Leah left the back seat door open for me to say goodbye to Krista and then got into the driver’s seat. I bent down and looked my daughter in the eyes. The same blue eyes of her mother. Her wispy blond hair freshly combed by Leah. She looked more like her mother every day.
“I love you, Krista Cahill.” A smile I didn’t have to fake broke across my face. Krista smiled back and pumped her pudgy little arms in front of her.
My chest filled up and warmth spread across my body. It happened every time Krista smiled at me or said my name. I kissed her on the forehead. “Be a good girl for Mommy.”
I closed the door and stood next to the driver’s window, which was rolled up. Leah started the car, rolled the window down, and looked at me. Cold, hollow eyes again.
“Give me a call when you get to your parents’ house, okay?” Our usual procedure when one of us had to travel without the other.
“I’ll text.” She rolled the window back up. No opportunity for negotiation. I had a weak hand anyway.
Leah backed out of the driveway and drove off.
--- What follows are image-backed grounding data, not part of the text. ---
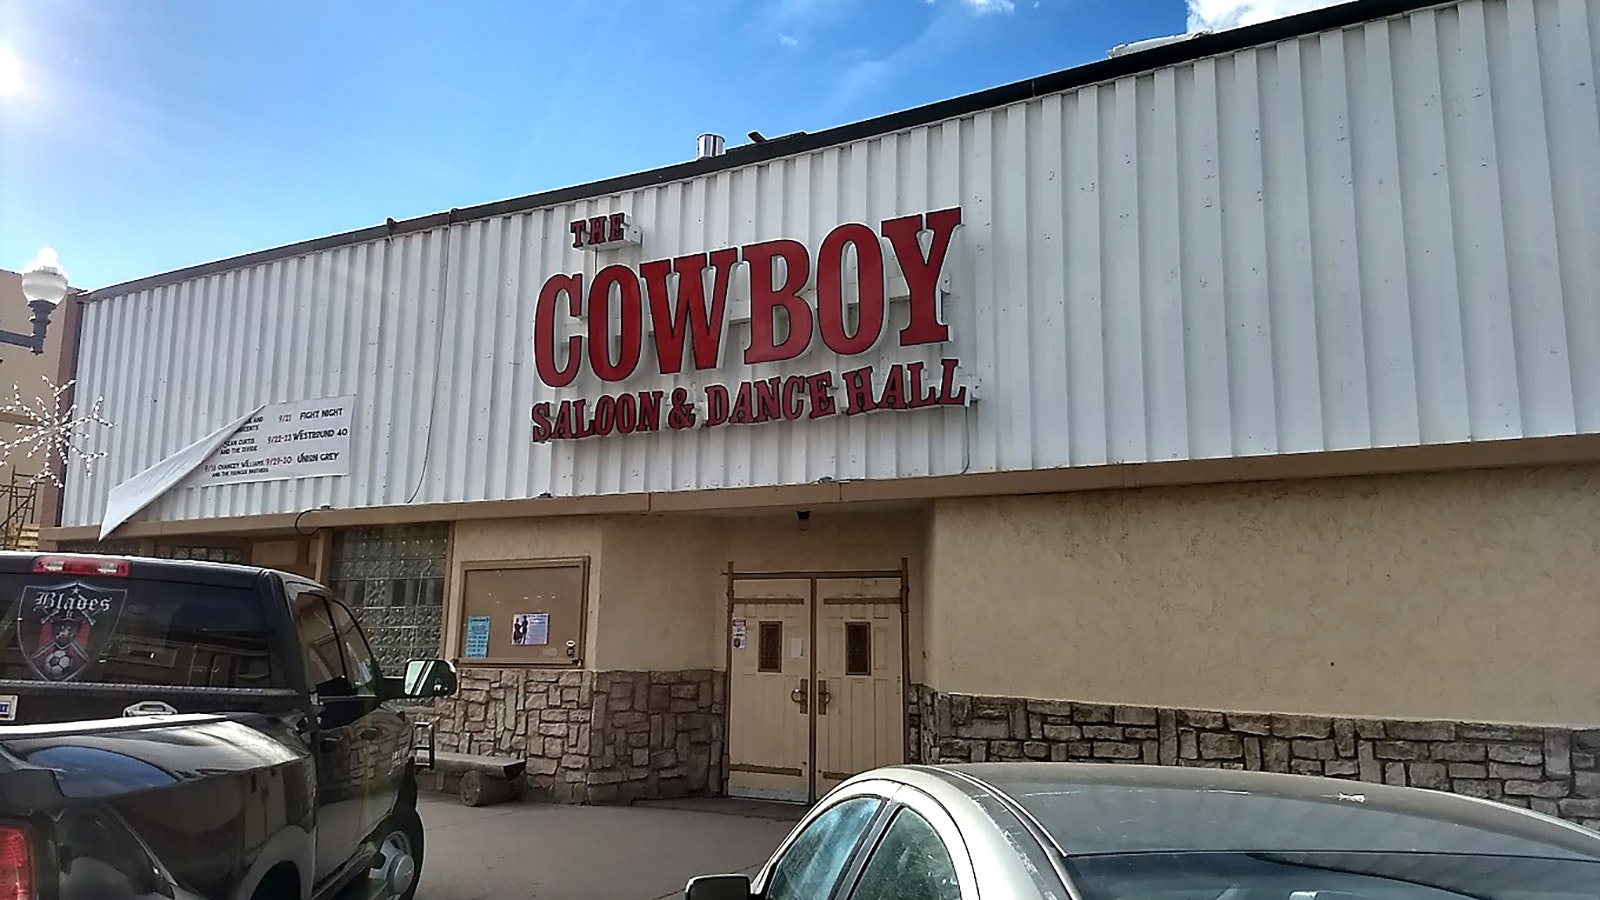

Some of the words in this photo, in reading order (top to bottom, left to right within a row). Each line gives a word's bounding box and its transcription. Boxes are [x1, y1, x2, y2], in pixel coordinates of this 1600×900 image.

[570, 213, 625, 248] THE
[534, 206, 962, 387] COWBOY
[531, 390, 663, 443] SALOON
[669, 387, 696, 429] &
[704, 370, 835, 427] DANCE
[843, 358, 967, 411] HALL
[300, 411, 319, 420] FIGHT
[321, 408, 343, 417] NIGHT
[293, 429, 334, 440] WESTBOUND
[337, 428, 348, 436] 40
[320, 453, 340, 461] GREY
[35, 592, 112, 611] Blades
Krista’s little face disappearing as I walked down the sidewalk waving. Leah made the right-hand turn onto Moraga Avenue and they were gone.
Despair sucked all the hope out of my body so quickly that I could almost hear a whoosh. I always felt lonely when Leah and Krista left or when I went out of town on business. But Leah and I had never parted on such bad terms before. This felt different. Open-ended. Broken.